The Tax Laws Amendment (Transfer of Provisions) Bill 2010 rewrites 149 pages of the 1936 Income Tax Assessment Act into the 1997 Income Tax Assessment Act and the Taxation Administration Act.
"I'm pleased to see that after almost twenty years, we are getting close to the aim of having a single income tax assessment Act, that's easier to understand and simpler to use," the Assistant Treasurer said.
"The rewriting process began in 1993 under the Keating Government and, as part of the Rudd Government's commitment to slashing red-tape and reducing complexity, we are pushing the job forward."
"The Government's approach to achieving a single assessment Act is to rewrite provisions of the 1936 Act when they undergo any significant reform."
This rewrite will remove 149 pages from the 1936 Act and rewrite them into the 1997 Act and Taxation Administration Act in only 101 pages1. This is a reduction of over 30%.
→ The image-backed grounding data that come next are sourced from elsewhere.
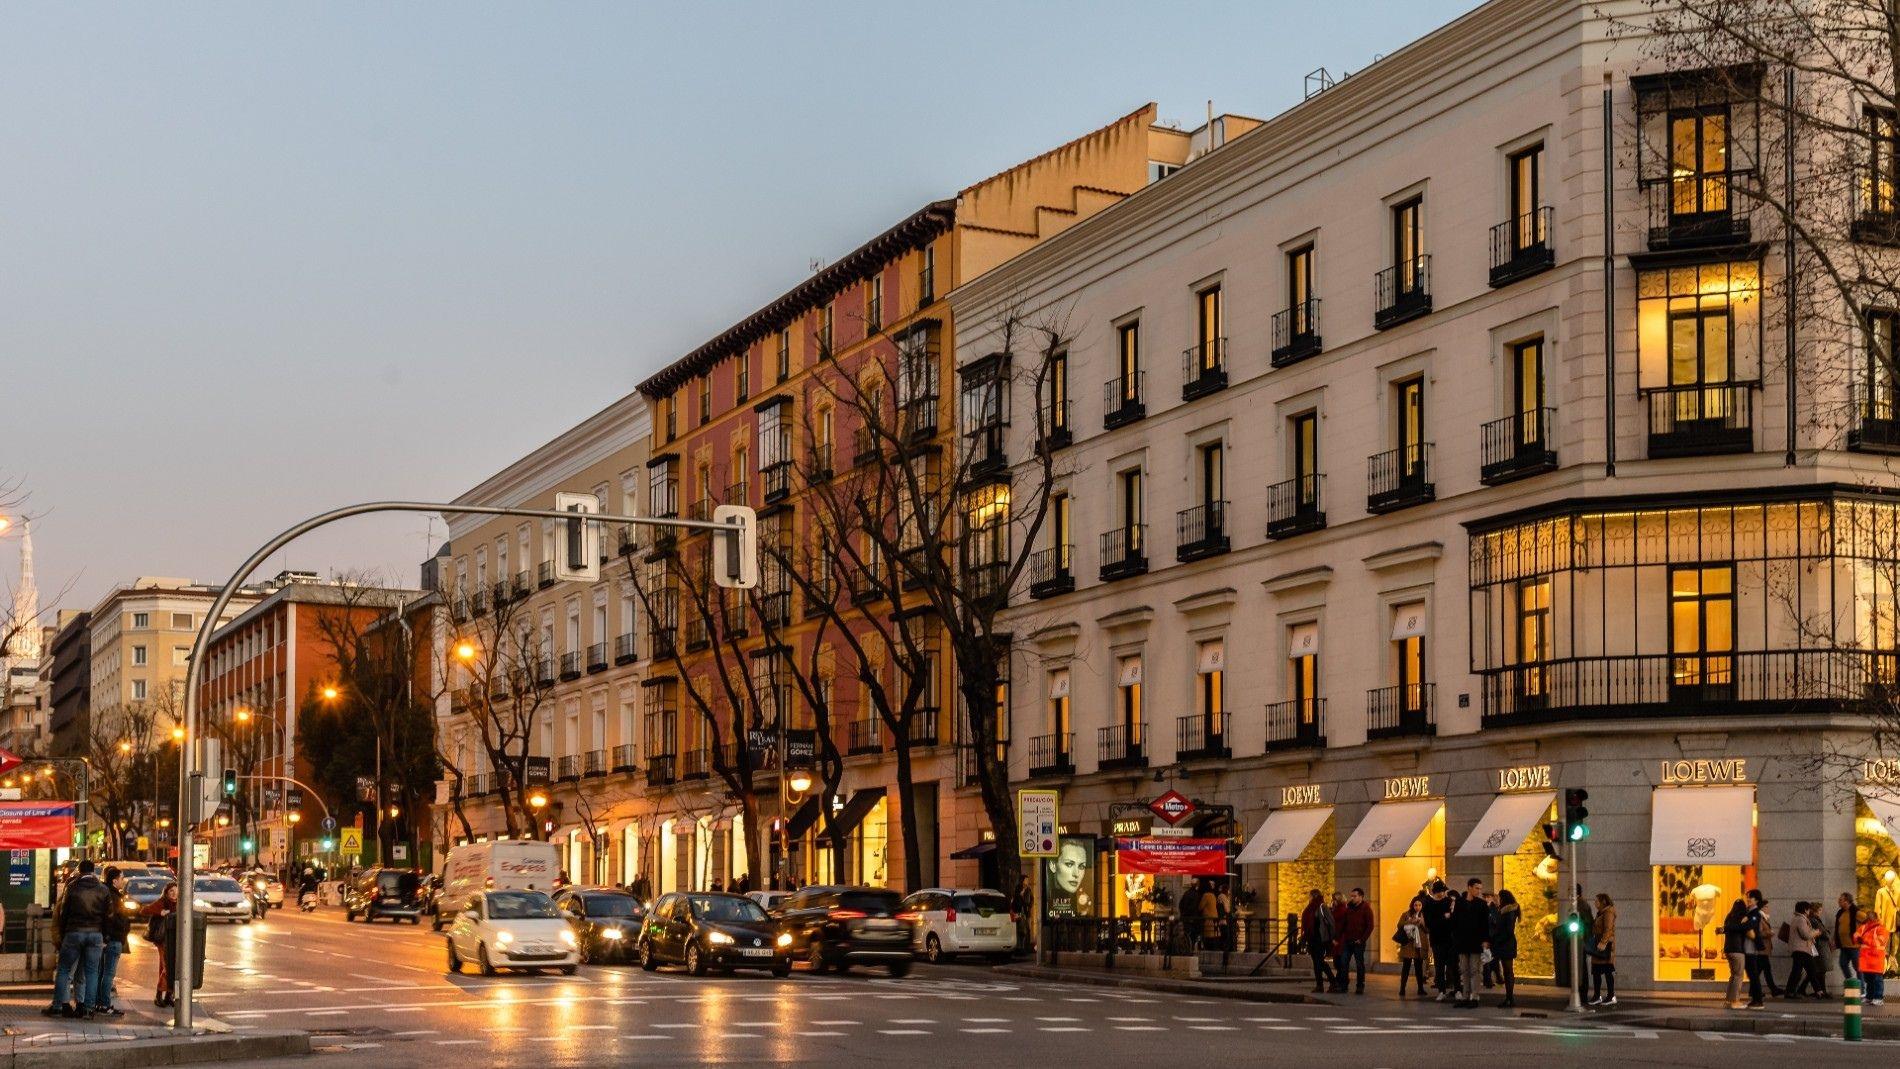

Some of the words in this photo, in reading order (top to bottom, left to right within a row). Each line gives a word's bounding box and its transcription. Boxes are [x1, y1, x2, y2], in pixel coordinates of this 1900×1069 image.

[1499, 765, 1551, 790] LOEWE
[1662, 760, 1746, 782] LOEWE
[1864, 759, 1900, 782] LOE
[1282, 785, 1320, 806] LOEWE
[1385, 777, 1429, 799] LOEWE
[1165, 803, 1185, 811] Metro
[1114, 821, 1140, 833] PRADA
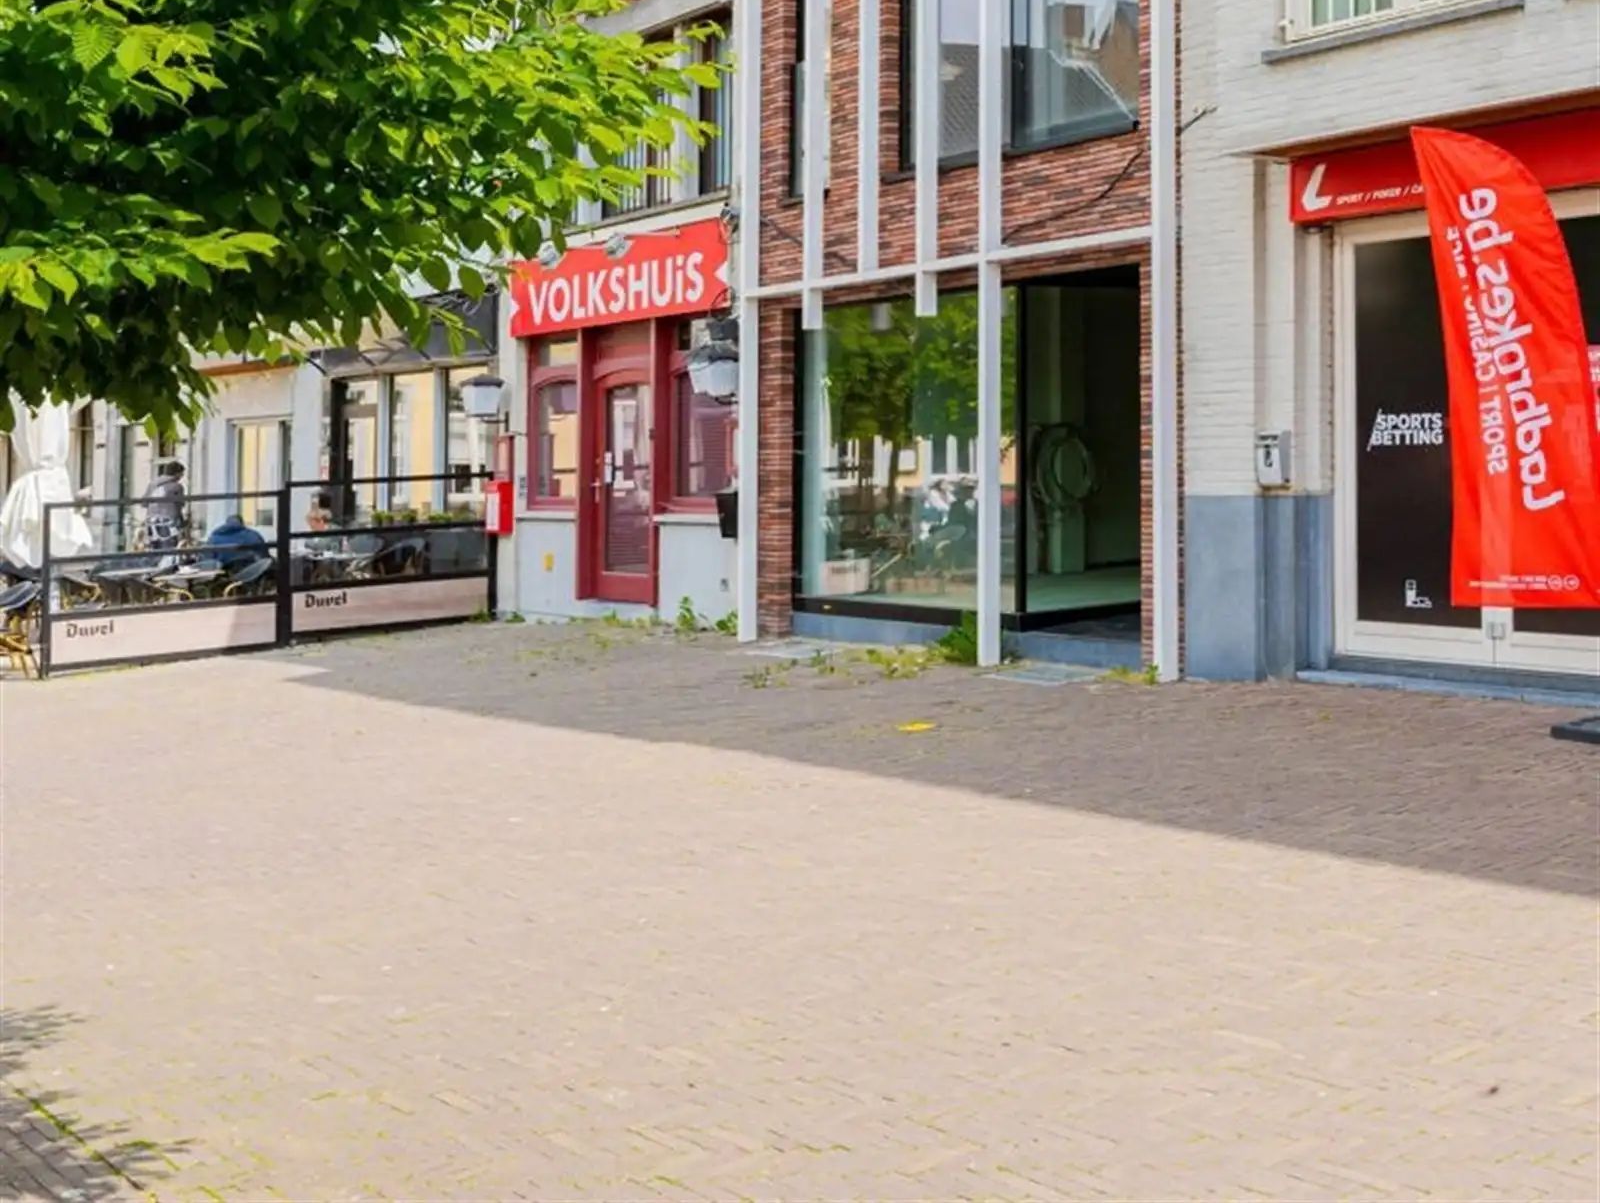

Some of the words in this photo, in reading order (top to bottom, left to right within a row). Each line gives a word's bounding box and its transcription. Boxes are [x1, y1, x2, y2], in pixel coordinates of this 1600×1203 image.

[1371, 428, 1444, 445] BETTING
[304, 591, 348, 609] Duvel
[66, 620, 114, 639] Duvel
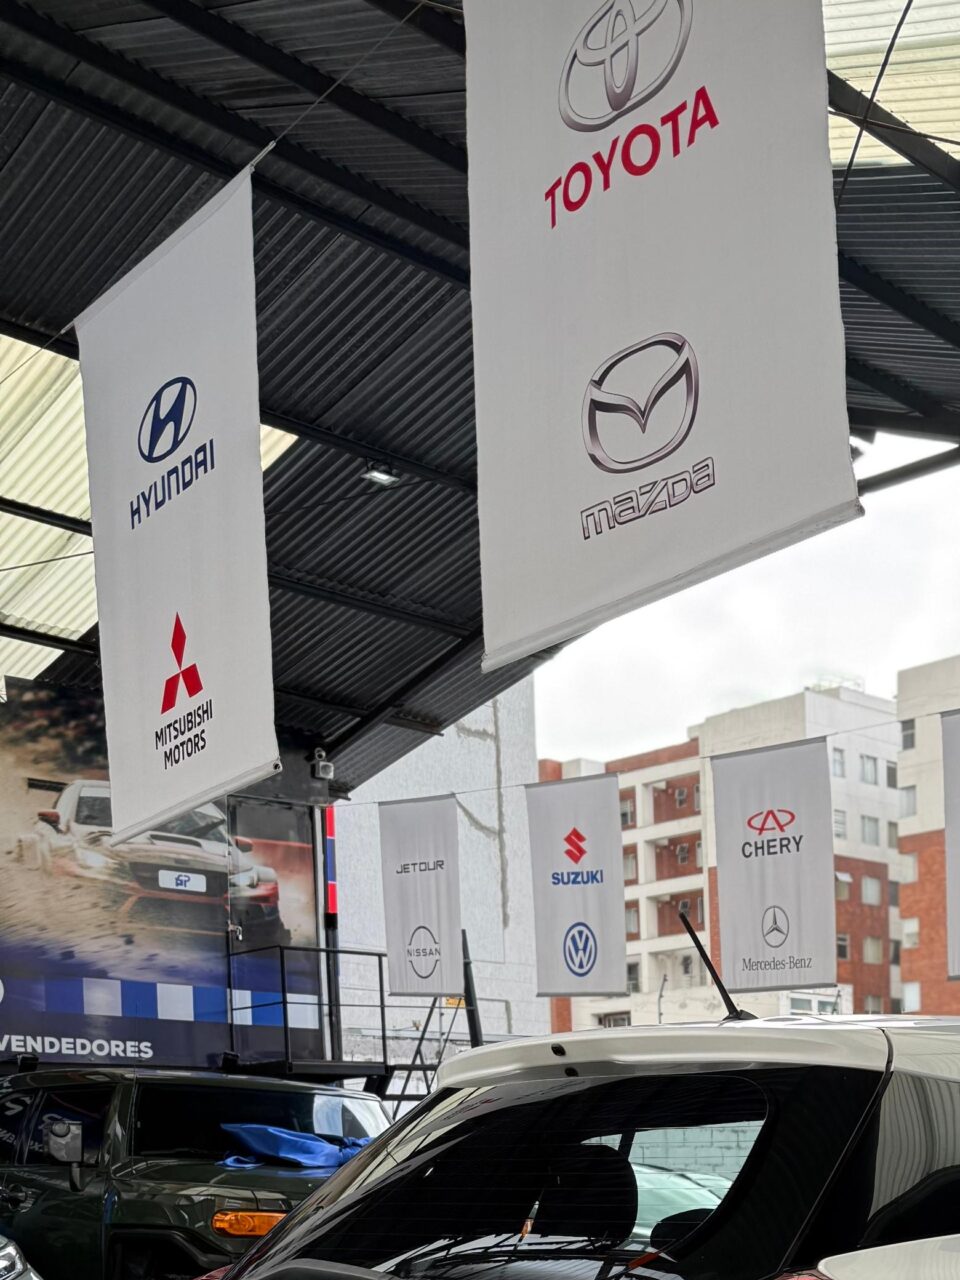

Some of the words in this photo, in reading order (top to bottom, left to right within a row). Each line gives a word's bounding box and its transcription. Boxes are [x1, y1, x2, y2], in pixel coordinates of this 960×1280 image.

The rewrite covers the following provisions of the Income Tax Assessment Act 1936:
- Schedule 2C, which contains the rules for the income tax treatment of the gain debtors make when one of their commercial debts is forgiven;
- Schedule 2E, which ensures that a lessor and lessee of a luxury car get the same income tax treatment as if the lessor sold the car to the lessee and lent the lessee the money for the purchase;
- Schedule 2G, which establishes the farm management deposit scheme that allows eligible primary producers to set aside pre-tax income in profitable years for subsequent withdrawal in low-income years; and
- Schedule 2J, which ensures that general insurance companies are taxed on premium income received, and can deduct liabilities for outstanding claims, over the period of risk under the policies to which the income and deductions relate.
"The rewrite has been undertaken with no intention to change the interpretation of the law, but some minor changes have been made to modernise the law and to provide more certainty in some areas," the Assistant Treasurer said.
The transfer Bill also rewrites the remaining rules in the 1936 Act concerning the collection and recovery of income tax.
1 Not counting transitional and consequential changes.